● TASK PROMPT: An exact reproduction of all the data is needed, with no images in it.

● DATA TO PROCESS:
★ ★ ★

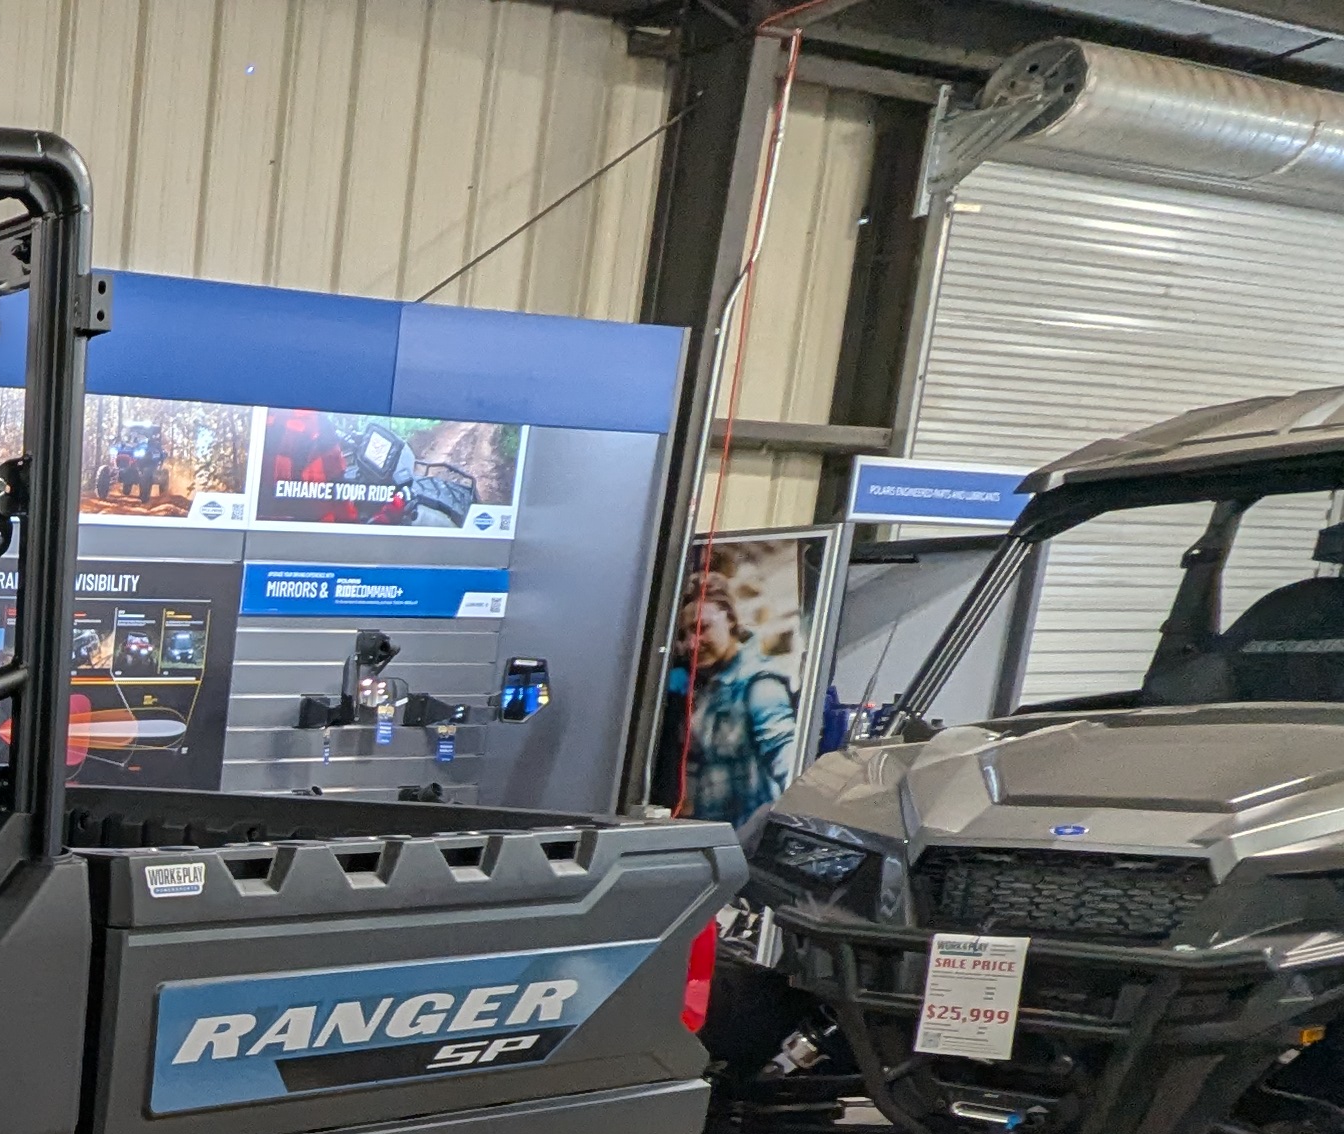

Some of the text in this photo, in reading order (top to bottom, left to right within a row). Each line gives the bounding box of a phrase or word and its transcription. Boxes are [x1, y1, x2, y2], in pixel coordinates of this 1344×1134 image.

[275, 480, 396, 502] ENHANCE YOUR RIDE
[75, 573, 140, 592] VISIBILITY
[266, 580, 329, 599] MIRRORS &
[934, 957, 1016, 972] SALE PRICE
[171, 978, 579, 1065] RANGER
[926, 1003, 1010, 1025] $25,999
[426, 1035, 541, 1070] SP
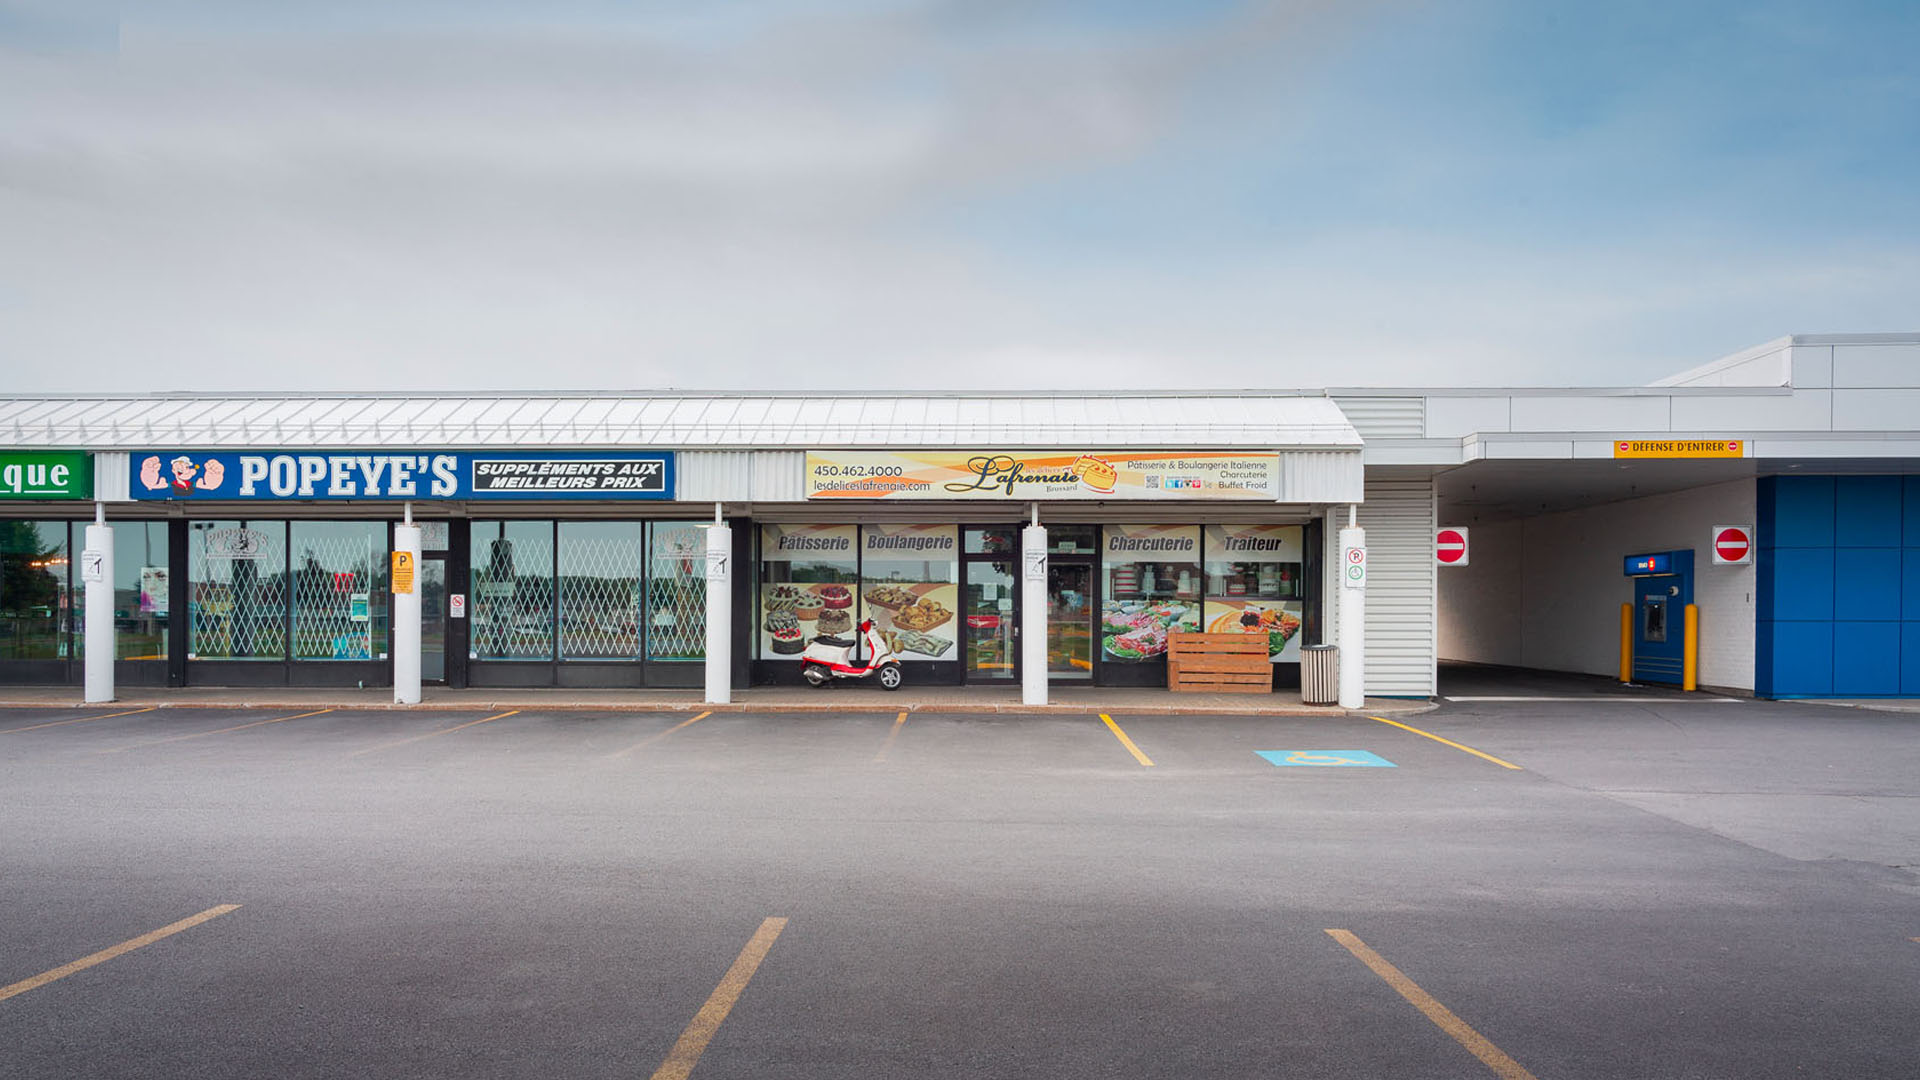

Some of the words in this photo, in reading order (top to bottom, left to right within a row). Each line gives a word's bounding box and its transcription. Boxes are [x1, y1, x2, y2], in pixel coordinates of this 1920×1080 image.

[1677, 442, 1724, 451] D'ENTRER
[477, 462, 616, 475] SUPPLÉMENTS
[617, 464, 661, 475] AUX
[814, 466, 903, 476] 450.462.4000
[1127, 461, 1166, 469] Pâtisserie
[1169, 461, 1175, 469] &
[1178, 461, 1228, 471] Boulangerie
[1231, 461, 1267, 469] Italienne
[3, 464, 70, 493] que
[239, 455, 458, 497] POPEYE'S
[944, 455, 1079, 496] Lafrenaie
[489, 477, 597, 488] MEILLEURS
[600, 477, 647, 488] PRIX
[814, 480, 931, 491] lesdeliceslafrenaie.com
[1219, 481, 1242, 489] Buffet
[1246, 481, 1267, 489] Froid
[779, 536, 849, 549] Pâtisserie
[867, 535, 953, 550] Boulangerie
[1109, 537, 1193, 550] Charcuterie
[1224, 537, 1281, 550] Traiteur
[399, 555, 407, 566] P

★ ★ ★

● TASK RESULT:
Some of the text in this photo, in reading order (top to bottom, left to right within a row). Each line gives the bounding box of a phrase or word and its transcription. Boxes are [x1, y1, x2, y2], in pixel coordinates of this 1344×1134 image.

[275, 480, 396, 502] ENHANCE YOUR RIDE
[75, 573, 140, 592] VISIBILITY
[266, 580, 329, 599] MIRRORS &
[934, 957, 1016, 972] SALE PRICE
[171, 978, 579, 1065] RANGER
[926, 1003, 1010, 1025] $25,999
[426, 1035, 541, 1070] SP

Some of the words in this photo, in reading order (top to bottom, left to right within a row). Each line gives a word's bounding box and its transcription. Boxes are [x1, y1, x2, y2], in pixel coordinates of this 1920×1080 image.

[1677, 442, 1724, 451] D'ENTRER
[477, 462, 616, 475] SUPPLÉMENTS
[617, 464, 661, 475] AUX
[814, 466, 903, 476] 450.462.4000
[1127, 461, 1166, 469] Pâtisserie
[1169, 461, 1175, 469] &
[1178, 461, 1228, 471] Boulangerie
[1231, 461, 1267, 469] Italienne
[3, 464, 70, 493] que
[239, 455, 458, 497] POPEYE'S
[944, 455, 1079, 496] Lafrenaie
[489, 477, 597, 488] MEILLEURS
[600, 477, 647, 488] PRIX
[814, 480, 931, 491] lesdeliceslafrenaie.com
[1219, 481, 1242, 489] Buffet
[1246, 481, 1267, 489] Froid
[779, 536, 849, 549] Pâtisserie
[867, 535, 953, 550] Boulangerie
[1109, 537, 1193, 550] Charcuterie
[1224, 537, 1281, 550] Traiteur
[399, 555, 407, 566] P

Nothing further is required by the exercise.